Directions: The data below should be repeated exactly and in full.

Dataset extract:
===
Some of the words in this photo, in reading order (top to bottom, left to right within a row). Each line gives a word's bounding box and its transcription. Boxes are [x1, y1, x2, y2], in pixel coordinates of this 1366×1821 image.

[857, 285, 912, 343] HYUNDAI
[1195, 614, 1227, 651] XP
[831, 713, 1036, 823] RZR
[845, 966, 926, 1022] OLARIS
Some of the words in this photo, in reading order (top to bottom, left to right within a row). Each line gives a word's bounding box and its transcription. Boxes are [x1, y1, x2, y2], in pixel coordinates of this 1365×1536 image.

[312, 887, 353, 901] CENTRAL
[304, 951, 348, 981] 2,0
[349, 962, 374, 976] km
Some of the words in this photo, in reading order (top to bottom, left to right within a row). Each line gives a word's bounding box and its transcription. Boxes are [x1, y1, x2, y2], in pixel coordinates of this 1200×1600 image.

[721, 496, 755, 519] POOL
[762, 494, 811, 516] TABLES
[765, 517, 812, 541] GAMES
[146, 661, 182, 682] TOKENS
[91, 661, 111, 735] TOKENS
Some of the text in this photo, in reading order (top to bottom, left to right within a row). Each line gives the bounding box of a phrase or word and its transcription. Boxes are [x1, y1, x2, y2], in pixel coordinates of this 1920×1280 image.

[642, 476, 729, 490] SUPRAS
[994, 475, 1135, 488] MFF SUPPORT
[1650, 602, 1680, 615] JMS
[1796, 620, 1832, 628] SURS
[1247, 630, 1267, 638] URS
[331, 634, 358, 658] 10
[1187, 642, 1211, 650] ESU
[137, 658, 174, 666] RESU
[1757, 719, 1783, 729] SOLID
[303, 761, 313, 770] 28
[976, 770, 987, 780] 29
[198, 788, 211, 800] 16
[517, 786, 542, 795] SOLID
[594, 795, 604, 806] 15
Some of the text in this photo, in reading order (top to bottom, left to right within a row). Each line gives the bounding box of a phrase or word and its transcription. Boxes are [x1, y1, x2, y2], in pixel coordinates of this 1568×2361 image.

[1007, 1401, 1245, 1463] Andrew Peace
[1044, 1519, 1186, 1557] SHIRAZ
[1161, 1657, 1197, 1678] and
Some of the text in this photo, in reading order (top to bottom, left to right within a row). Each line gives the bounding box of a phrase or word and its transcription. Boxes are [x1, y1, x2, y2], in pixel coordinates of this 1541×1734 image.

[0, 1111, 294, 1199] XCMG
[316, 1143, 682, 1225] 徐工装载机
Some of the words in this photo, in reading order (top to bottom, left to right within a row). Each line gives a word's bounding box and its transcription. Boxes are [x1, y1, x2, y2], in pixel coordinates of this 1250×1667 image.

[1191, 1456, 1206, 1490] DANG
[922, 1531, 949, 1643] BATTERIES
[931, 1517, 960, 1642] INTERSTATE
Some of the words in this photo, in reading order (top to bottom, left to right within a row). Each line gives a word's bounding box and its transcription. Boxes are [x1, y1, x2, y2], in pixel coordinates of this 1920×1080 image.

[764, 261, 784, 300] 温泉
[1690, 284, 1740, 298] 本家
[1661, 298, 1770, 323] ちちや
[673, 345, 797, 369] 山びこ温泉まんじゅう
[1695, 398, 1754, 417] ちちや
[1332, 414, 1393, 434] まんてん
===
Response:
Some of the words in this photo, in reading order (top to bottom, left to right within a row). Each line gives a word's bounding box and its transcription. Boxes are [x1, y1, x2, y2], in pixel coordinates of this 1366×1821 image.

[857, 285, 912, 343] HYUNDAI
[1195, 614, 1227, 651] XP
[831, 713, 1036, 823] RZR
[845, 966, 926, 1022] OLARIS
Some of the words in this photo, in reading order (top to bottom, left to right within a row). Each line gives a word's bounding box and its transcription. Boxes are [x1, y1, x2, y2], in pixel coordinates of this 1365×1536 image.

[312, 887, 353, 901] CENTRAL
[304, 951, 348, 981] 2,0
[349, 962, 374, 976] km
Some of the words in this photo, in reading order (top to bottom, left to right within a row). Each line gives a word's bounding box and its transcription. Boxes are [x1, y1, x2, y2], in pixel coordinates of this 1200×1600 image.

[721, 496, 755, 519] POOL
[762, 494, 811, 516] TABLES
[765, 517, 812, 541] GAMES
[146, 661, 182, 682] TOKENS
[91, 661, 111, 735] TOKENS
Some of the text in this photo, in reading order (top to bottom, left to right within a row). Each line gives the bounding box of a phrase or word and its transcription. Boxes are [x1, y1, x2, y2], in pixel coordinates of this 1920×1280 image.

[642, 476, 729, 490] SUPRAS
[994, 475, 1135, 488] MFF SUPPORT
[1650, 602, 1680, 615] JMS
[1796, 620, 1832, 628] SURS
[1247, 630, 1267, 638] URS
[331, 634, 358, 658] 10
[1187, 642, 1211, 650] ESU
[137, 658, 174, 666] RESU
[1757, 719, 1783, 729] SOLID
[303, 761, 313, 770] 28
[976, 770, 987, 780] 29
[198, 788, 211, 800] 16
[517, 786, 542, 795] SOLID
[594, 795, 604, 806] 15
Some of the text in this photo, in reading order (top to bottom, left to right within a row). Each line gives the bounding box of a phrase or word and its transcription. Boxes are [x1, y1, x2, y2], in pixel coordinates of this 1568×2361 image.

[1007, 1401, 1245, 1463] Andrew Peace
[1044, 1519, 1186, 1557] SHIRAZ
[1161, 1657, 1197, 1678] and
Some of the text in this photo, in reading order (top to bottom, left to right within a row). Each line gives the bounding box of a phrase or word and its transcription. Boxes are [x1, y1, x2, y2], in pixel coordinates of this 1541×1734 image.

[0, 1111, 294, 1199] XCMG
[316, 1143, 682, 1225] 徐工装载机
Some of the words in this photo, in reading order (top to bottom, left to right within a row). Each line gives a word's bounding box and its transcription. Boxes are [x1, y1, x2, y2], in pixel coordinates of this 1250×1667 image.

[1191, 1456, 1206, 1490] DANG
[922, 1531, 949, 1643] BATTERIES
[931, 1517, 960, 1642] INTERSTATE
Some of the words in this photo, in reading order (top to bottom, left to right within a row). Each line gives a word's bounding box and its transcription. Boxes are [x1, y1, x2, y2], in pixel coordinates of this 1920×1080 image.

[764, 261, 784, 300] 温泉
[1690, 284, 1740, 298] 本家
[1661, 298, 1770, 323] ちちや
[673, 345, 797, 369] 山びこ温泉まんじゅう
[1695, 398, 1754, 417] ちちや
[1332, 414, 1393, 434] まんてん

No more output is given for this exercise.